Acknowledging that all software has flaws, some of which are considered vulnerabilities, Gillmor and Kahn said that the National Security Agency (NSA) long knew of the flaw in Microsoft Windows that WannaCry exploited and chose not to report it to Microsoft but rather “developed or purchased an exploit, [based on code called EternalBlue], that could take advantage of the vulnerability.”

It “allowed the NSA to turn their knowledge of the vulnerability into access to others' systems,” the two wrote. “During the years that they had this weapon, the NSA most likely used it against people, organizations, systems, or networks that they considered legitimate targets, such as foreign governments or their agents, or systems those targets might have accessed.”

Each time the NSA used it, the agency “ran the risk of their target noticing their activity by capturing network traffic — allowing the target to potentially gain knowledge of an incredibly dangerous exploit and the unpatched vulnerability it relied on,” the blog explained. 

The two compared the societal risks of the exploits to balancing “risk with biological weapons and public health programs.”

Like creating a vaccine for a disease, developing a patch for a software vulnerability takes time as well as “time and logistical work to deploy the patch once developed.”  

And like a disease-generating micro-organism a vulnerability can be weaponized. “A vaccinated (or "patched") population isn't vulnerable to the bioweapon anymore,” Honeywell and Gillmor wrote.

“Our government agencies are supposed to protect us. They know these vulnerabilities are dangerous,” they said. “Do we want them to delay the creation of vaccine programs, just so they can have a stockpile of effective weapons to use in the future?”

“Someone exposed to a germ can culture it and produce more of it. Someone exposed to malware can make a copy, inspect it, modify it, and re-deploy it. Should we accept this kind of activity from agencies charged with public safety?,” they asked. “Unfortunately, this question has not been publicly and fully debated by Congress, despite the fact that several government agencies stockpile exploits and use them against computers on the public network.”

The NSA, they said, “failed as stewards of America's — and the world's — cybersecurity, by failing to disclose the vulnerability to Microsoft to be fixed until after their fully weaponized exploit had fallen into unknown hands.” Honeywell and Gillmor contended that “policy around how these decisions are made should not be developed purely by the executive branch behind closed doors, insulated from public scrutiny and oversight.”

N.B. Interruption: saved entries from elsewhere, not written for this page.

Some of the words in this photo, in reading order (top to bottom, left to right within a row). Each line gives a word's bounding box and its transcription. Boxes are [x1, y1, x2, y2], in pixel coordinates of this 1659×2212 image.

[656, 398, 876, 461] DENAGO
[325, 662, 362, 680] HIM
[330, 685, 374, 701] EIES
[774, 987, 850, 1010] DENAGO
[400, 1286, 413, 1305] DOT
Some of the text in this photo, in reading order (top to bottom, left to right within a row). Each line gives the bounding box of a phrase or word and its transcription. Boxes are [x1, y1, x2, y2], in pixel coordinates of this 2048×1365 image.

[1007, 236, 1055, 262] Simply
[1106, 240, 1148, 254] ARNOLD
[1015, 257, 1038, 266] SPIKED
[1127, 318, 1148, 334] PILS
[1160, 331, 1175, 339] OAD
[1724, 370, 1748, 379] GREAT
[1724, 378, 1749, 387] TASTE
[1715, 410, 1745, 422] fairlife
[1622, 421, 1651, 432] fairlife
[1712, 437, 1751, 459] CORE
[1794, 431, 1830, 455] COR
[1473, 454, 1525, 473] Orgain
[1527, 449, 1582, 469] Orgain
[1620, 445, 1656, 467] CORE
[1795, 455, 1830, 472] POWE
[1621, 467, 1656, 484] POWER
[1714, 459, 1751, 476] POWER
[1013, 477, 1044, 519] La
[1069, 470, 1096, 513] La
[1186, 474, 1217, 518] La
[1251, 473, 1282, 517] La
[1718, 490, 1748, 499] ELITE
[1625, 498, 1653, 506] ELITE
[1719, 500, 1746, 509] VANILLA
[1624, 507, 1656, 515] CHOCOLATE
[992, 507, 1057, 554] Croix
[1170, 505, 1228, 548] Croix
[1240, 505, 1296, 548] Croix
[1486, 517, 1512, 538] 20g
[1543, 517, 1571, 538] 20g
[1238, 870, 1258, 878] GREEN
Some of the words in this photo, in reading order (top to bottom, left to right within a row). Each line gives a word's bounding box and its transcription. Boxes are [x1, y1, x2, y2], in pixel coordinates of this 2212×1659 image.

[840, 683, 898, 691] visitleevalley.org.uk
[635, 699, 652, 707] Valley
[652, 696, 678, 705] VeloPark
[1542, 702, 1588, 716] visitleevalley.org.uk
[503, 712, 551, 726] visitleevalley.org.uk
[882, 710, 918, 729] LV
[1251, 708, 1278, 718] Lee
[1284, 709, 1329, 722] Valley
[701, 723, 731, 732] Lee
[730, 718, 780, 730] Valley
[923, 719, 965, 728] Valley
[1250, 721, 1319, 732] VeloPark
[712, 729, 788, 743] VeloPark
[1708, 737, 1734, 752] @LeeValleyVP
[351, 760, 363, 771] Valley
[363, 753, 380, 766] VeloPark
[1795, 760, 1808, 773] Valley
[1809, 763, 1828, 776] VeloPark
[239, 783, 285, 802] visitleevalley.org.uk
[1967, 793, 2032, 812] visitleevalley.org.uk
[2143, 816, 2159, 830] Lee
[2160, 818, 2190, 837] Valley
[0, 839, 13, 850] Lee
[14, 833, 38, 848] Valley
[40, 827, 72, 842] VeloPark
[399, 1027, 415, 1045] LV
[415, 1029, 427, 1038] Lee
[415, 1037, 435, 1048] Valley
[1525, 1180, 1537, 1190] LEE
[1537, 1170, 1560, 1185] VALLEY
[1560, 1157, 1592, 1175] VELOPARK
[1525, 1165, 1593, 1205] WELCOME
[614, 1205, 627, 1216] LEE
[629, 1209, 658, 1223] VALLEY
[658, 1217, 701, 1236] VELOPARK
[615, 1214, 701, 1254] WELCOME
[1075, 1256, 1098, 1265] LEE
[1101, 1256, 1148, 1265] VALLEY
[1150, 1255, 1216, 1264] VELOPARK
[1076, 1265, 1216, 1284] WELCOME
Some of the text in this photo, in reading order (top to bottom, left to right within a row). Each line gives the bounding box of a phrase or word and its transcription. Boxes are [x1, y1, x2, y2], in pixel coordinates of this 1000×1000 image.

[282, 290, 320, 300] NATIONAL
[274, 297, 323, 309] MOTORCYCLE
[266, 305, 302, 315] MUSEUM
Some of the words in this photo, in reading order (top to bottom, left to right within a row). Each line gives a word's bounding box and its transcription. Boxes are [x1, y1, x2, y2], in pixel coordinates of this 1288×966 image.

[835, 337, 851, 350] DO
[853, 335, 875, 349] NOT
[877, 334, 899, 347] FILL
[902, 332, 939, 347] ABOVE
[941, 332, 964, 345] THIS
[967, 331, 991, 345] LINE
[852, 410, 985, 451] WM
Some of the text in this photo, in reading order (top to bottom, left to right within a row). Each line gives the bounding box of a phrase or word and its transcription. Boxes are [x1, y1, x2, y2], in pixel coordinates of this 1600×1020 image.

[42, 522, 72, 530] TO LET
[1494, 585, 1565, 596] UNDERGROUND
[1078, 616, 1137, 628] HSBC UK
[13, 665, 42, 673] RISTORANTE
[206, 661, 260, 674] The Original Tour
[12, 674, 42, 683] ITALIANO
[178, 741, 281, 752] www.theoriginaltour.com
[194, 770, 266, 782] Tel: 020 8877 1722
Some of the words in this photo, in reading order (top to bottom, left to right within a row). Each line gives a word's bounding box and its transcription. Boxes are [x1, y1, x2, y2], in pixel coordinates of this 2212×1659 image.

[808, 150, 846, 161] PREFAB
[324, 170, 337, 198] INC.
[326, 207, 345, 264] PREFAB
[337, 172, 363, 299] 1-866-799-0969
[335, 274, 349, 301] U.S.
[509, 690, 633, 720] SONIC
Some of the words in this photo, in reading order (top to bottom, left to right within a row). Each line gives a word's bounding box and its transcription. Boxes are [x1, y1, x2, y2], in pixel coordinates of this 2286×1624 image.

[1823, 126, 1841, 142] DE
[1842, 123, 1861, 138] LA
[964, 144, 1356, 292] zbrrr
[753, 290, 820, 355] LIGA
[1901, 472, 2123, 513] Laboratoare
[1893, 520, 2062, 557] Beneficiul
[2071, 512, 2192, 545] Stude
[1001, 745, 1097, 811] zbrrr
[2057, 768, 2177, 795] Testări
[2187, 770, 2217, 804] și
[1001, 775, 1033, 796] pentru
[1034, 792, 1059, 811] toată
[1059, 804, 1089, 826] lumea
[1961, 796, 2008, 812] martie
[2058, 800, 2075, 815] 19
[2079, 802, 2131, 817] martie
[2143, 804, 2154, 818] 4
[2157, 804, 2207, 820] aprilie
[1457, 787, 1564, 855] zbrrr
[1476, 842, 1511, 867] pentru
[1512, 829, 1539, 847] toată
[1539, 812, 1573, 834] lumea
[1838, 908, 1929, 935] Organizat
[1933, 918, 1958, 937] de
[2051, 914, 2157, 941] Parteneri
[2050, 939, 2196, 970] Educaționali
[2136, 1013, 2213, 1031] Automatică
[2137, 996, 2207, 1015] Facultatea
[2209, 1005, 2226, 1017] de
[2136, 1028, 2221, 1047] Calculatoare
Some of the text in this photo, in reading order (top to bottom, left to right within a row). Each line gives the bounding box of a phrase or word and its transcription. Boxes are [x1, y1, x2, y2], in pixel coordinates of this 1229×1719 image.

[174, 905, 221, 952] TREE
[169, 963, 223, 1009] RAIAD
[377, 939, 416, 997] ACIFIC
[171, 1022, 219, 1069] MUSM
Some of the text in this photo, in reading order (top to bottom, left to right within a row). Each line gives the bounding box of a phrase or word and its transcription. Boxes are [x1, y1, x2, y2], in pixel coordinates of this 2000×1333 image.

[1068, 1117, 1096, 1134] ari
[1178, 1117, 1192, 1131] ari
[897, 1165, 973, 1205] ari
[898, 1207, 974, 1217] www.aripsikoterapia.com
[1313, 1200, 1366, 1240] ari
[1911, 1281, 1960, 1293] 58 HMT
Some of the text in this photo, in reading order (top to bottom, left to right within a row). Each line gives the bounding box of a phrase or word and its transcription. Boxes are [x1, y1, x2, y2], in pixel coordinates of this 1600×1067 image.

The PATCH Act establishes a Vulnerabilities Equities Review Board seated by members of the NSA, the Department of Homeland Security (DHS) and a host of other government agencies that would evaluate vulnerabilities and recommend whether they should be disclosed or remain secret.

“If the government plans to retain a cache of cyberweapons that may put the public at risk, ensuring that there is a permanent and more transparent deliberative process is certainly a step in the right direction,” the two wrote. But it is only one step.  “The government must also take steps to ensure that any such process fully considers the duty to secure our globally shared communications infrastructure, has a strong presumption in favor of timely disclosure, and incentivizes developers to patch known vulnerabilities,” according to the blog post.